**Task details**
Please transcribe the entries that follow exactly as they stand, skipping each picture.

**Records**
--------------------

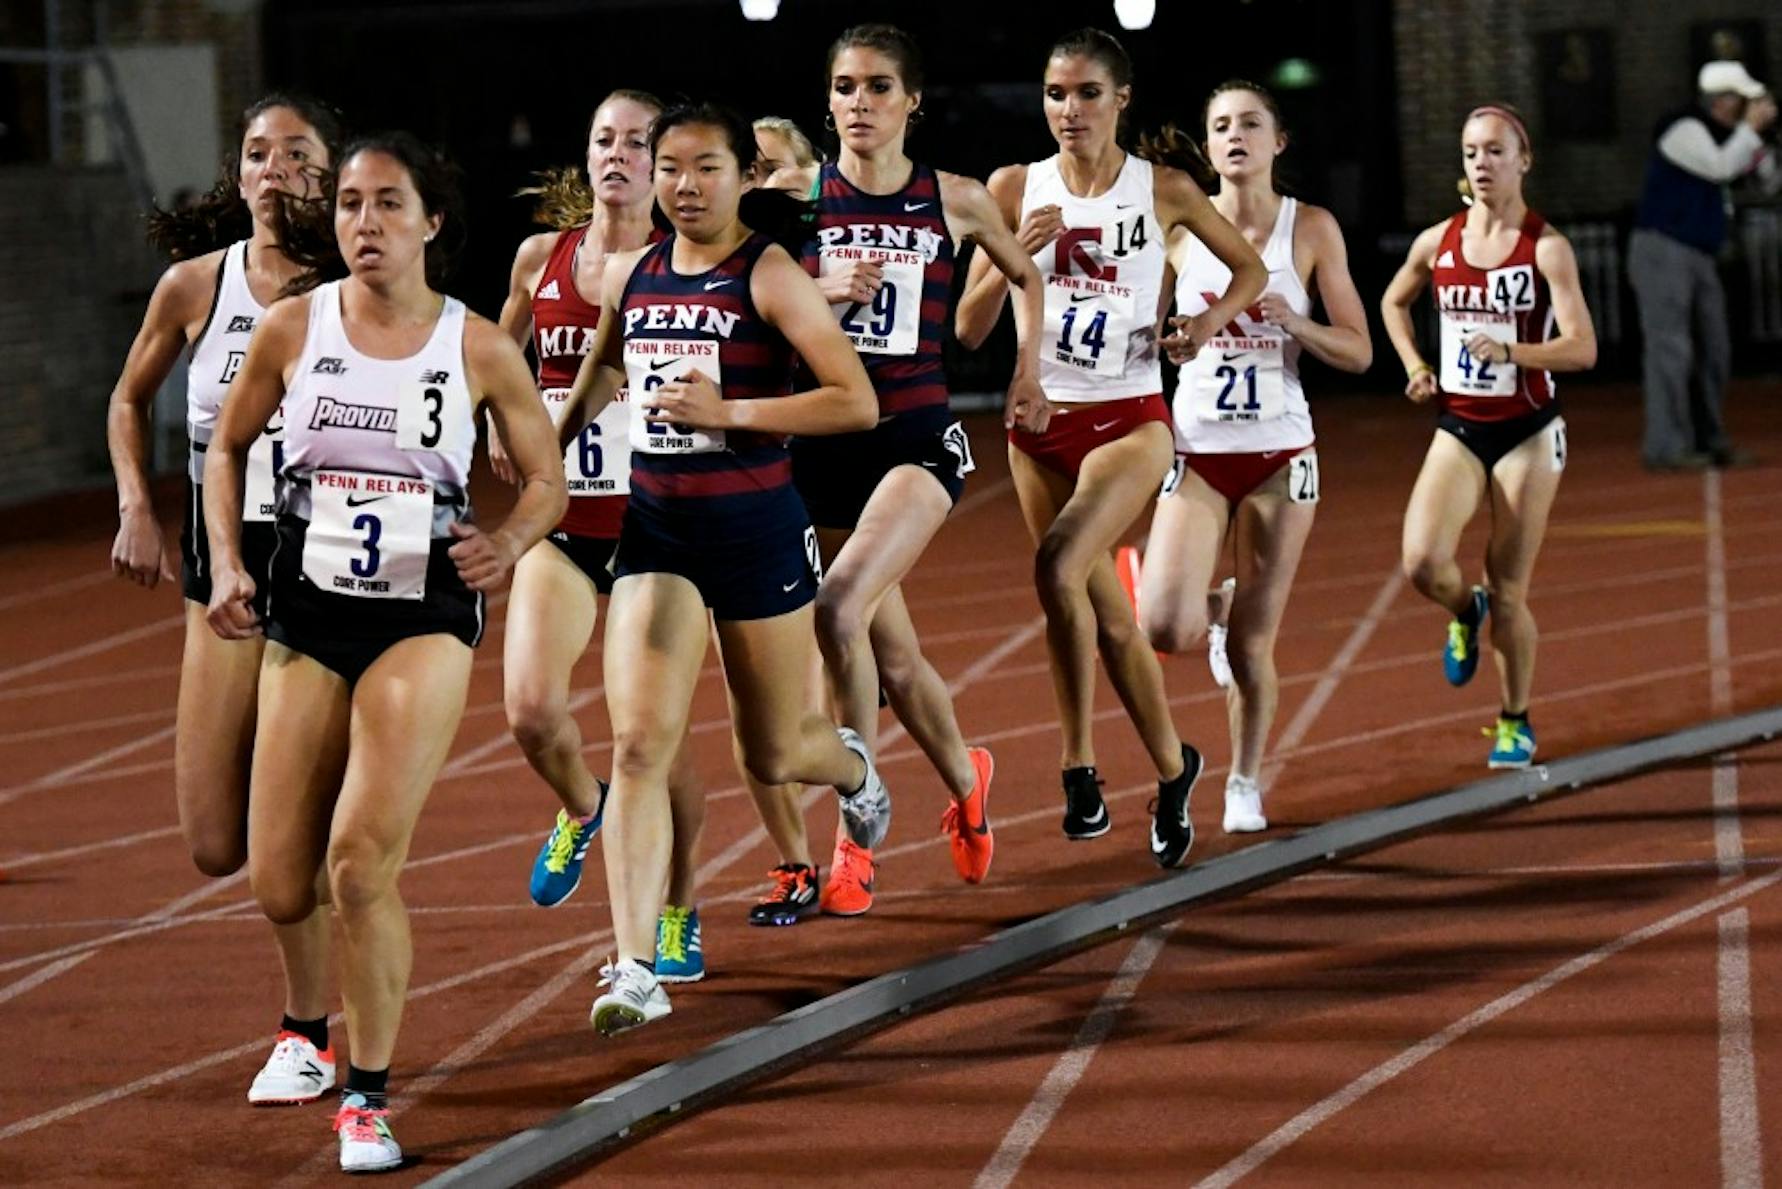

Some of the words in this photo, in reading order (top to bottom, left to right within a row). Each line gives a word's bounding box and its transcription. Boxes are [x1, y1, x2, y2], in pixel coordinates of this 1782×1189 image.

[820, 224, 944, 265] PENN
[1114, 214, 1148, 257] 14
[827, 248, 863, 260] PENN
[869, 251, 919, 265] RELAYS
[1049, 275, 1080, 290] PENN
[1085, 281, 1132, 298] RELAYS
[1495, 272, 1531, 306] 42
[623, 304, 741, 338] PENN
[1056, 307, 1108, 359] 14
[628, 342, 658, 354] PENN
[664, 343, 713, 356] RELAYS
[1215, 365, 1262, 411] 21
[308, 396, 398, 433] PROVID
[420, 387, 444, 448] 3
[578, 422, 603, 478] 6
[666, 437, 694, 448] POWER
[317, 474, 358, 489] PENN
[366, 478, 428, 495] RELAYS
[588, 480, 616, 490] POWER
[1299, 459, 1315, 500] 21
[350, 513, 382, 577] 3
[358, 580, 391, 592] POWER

--------------------

**Expected output**
Some of the words in this photo, in reading order (top to bottom, left to right within a row). Each line gives a word's bounding box and its transcription. Boxes are [x1, y1, x2, y2], in pixel coordinates of this 1782×1189 image.

[820, 224, 944, 265] PENN
[1114, 214, 1148, 257] 14
[827, 248, 863, 260] PENN
[869, 251, 919, 265] RELAYS
[1049, 275, 1080, 290] PENN
[1085, 281, 1132, 298] RELAYS
[1495, 272, 1531, 306] 42
[623, 304, 741, 338] PENN
[1056, 307, 1108, 359] 14
[628, 342, 658, 354] PENN
[664, 343, 713, 356] RELAYS
[1215, 365, 1262, 411] 21
[308, 396, 398, 433] PROVID
[420, 387, 444, 448] 3
[578, 422, 603, 478] 6
[666, 437, 694, 448] POWER
[317, 474, 358, 489] PENN
[366, 478, 428, 495] RELAYS
[588, 480, 616, 490] POWER
[1299, 459, 1315, 500] 21
[350, 513, 382, 577] 3
[358, 580, 391, 592] POWER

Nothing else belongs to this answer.